— Exercise goal —
Please transcribe the data exactly as shown, skipping the images.

★ ★ ★ ★ ★

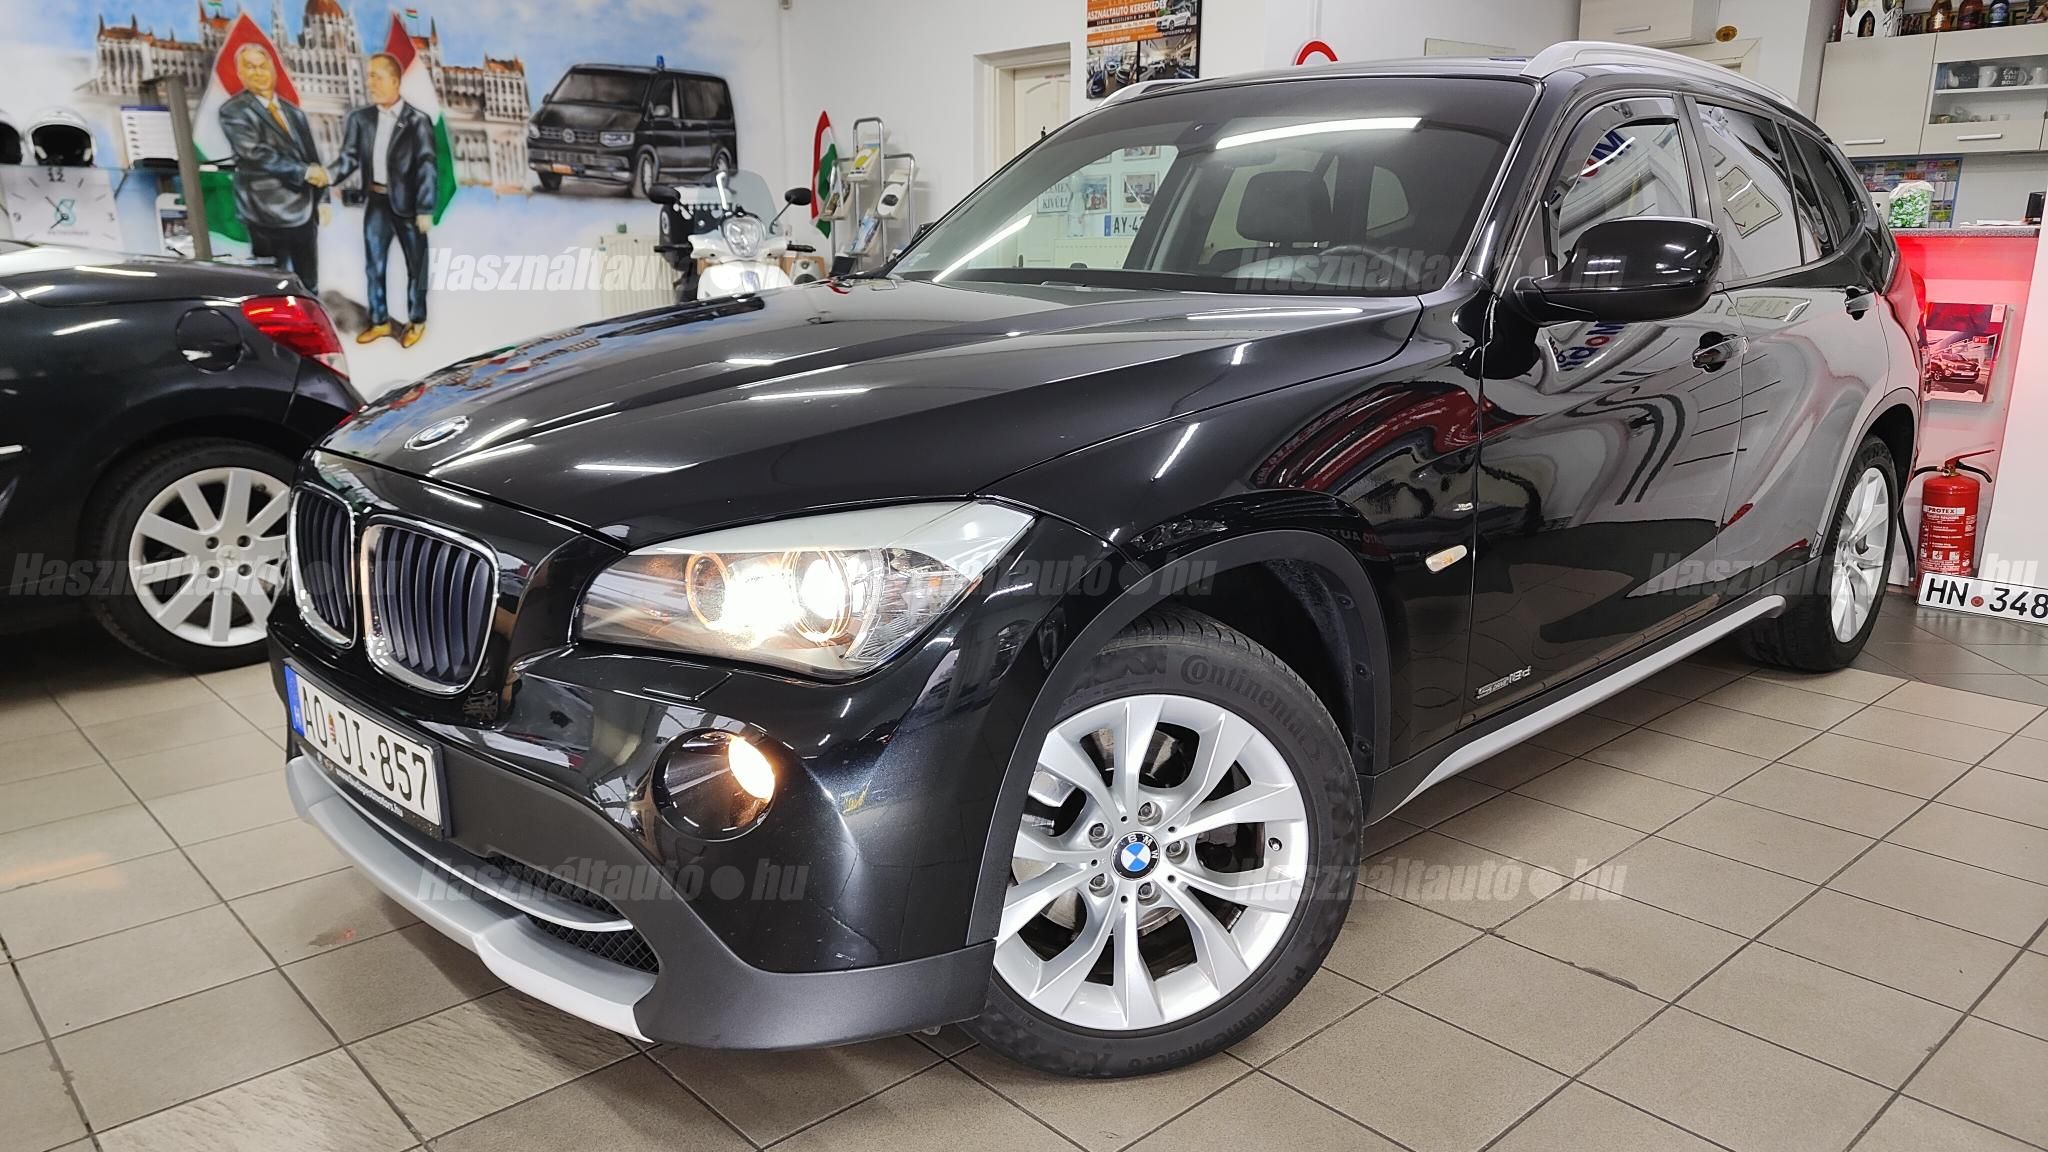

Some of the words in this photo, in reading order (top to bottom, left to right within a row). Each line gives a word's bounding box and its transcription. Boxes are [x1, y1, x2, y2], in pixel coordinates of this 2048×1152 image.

[1928, 506, 1955, 514] PROTEX
[1926, 578, 1969, 606] HN
[1989, 587, 2048, 619] 348
[302, 685, 328, 749] AO
[338, 711, 428, 811] JI-857
[1127, 833, 1159, 859] BMW

★ ★ ★ ★ ★

— Task response —
Some of the words in this photo, in reading order (top to bottom, left to right within a row). Each line gives a word's bounding box and its transcription. Boxes are [x1, y1, x2, y2], in pixel coordinates of this 2048×1152 image.

[1928, 506, 1955, 514] PROTEX
[1926, 578, 1969, 606] HN
[1989, 587, 2048, 619] 348
[302, 685, 328, 749] AO
[338, 711, 428, 811] JI-857
[1127, 833, 1159, 859] BMW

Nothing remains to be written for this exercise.